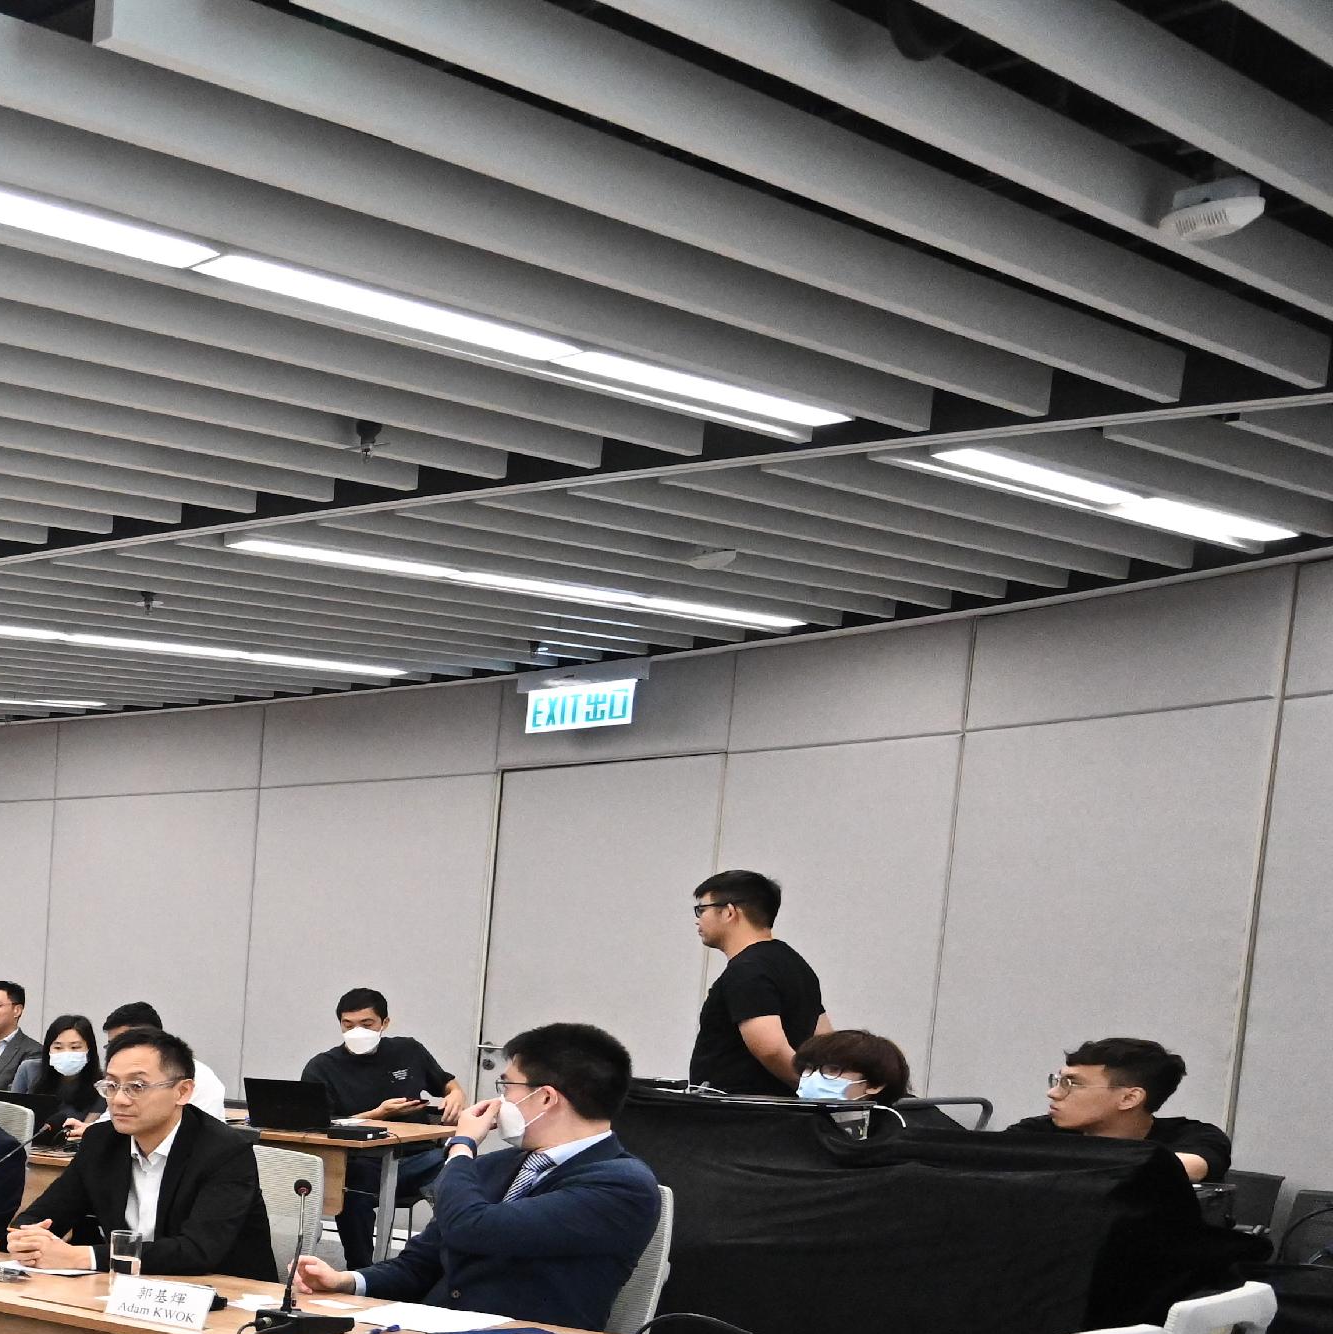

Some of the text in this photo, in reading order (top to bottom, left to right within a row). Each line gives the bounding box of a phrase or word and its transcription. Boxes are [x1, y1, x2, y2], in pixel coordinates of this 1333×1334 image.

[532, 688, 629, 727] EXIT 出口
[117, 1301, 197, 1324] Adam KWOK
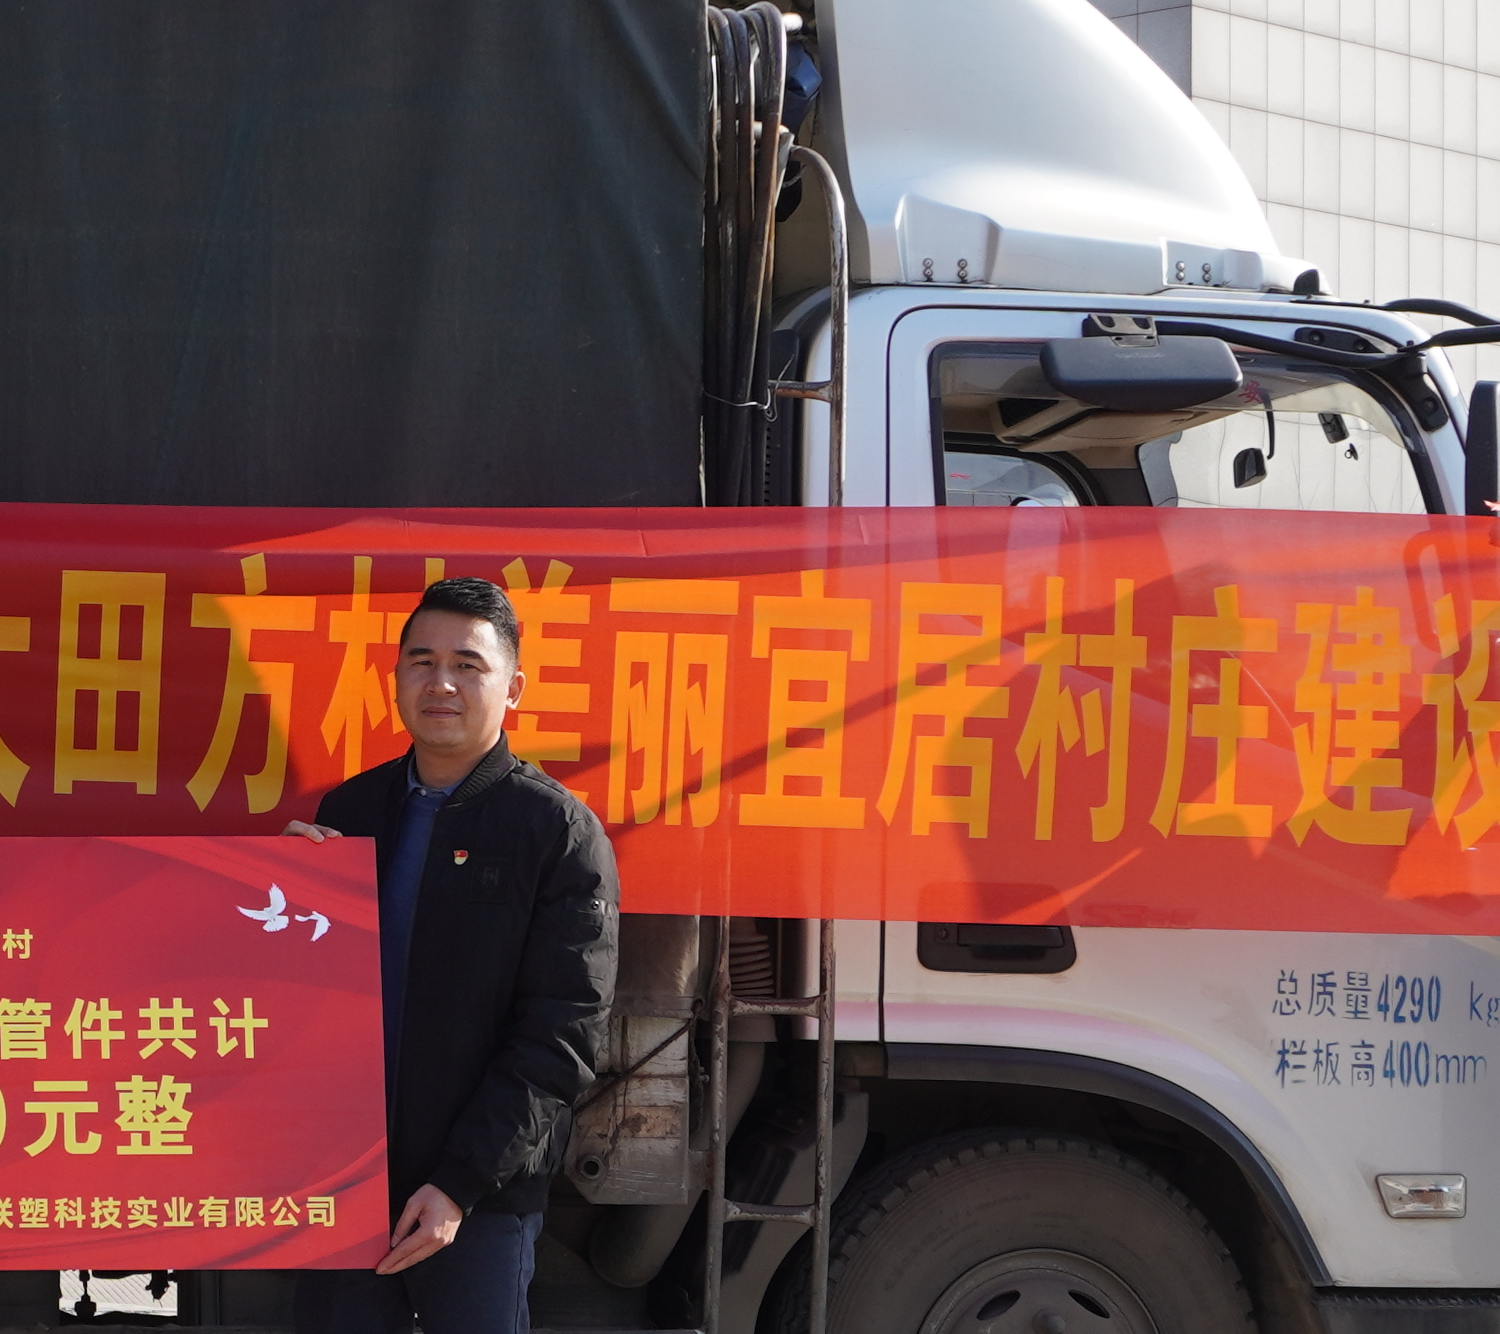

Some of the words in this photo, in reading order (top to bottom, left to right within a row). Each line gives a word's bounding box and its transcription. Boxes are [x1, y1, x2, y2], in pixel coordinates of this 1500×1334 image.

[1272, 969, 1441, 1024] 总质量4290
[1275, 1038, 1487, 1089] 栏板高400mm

══════

Could you output the lines above, exactly as written, from the one containing "Some of the words" through the last, with both ends included and no others?

Some of the words in this photo, in reading order (top to bottom, left to right within a row). Each line gives a word's bounding box and its transcription. Boxes are [x1, y1, x2, y2], in pixel coordinates of this 1500×1334 image.

[1272, 969, 1441, 1024] 总质量4290
[1275, 1038, 1487, 1089] 栏板高400mm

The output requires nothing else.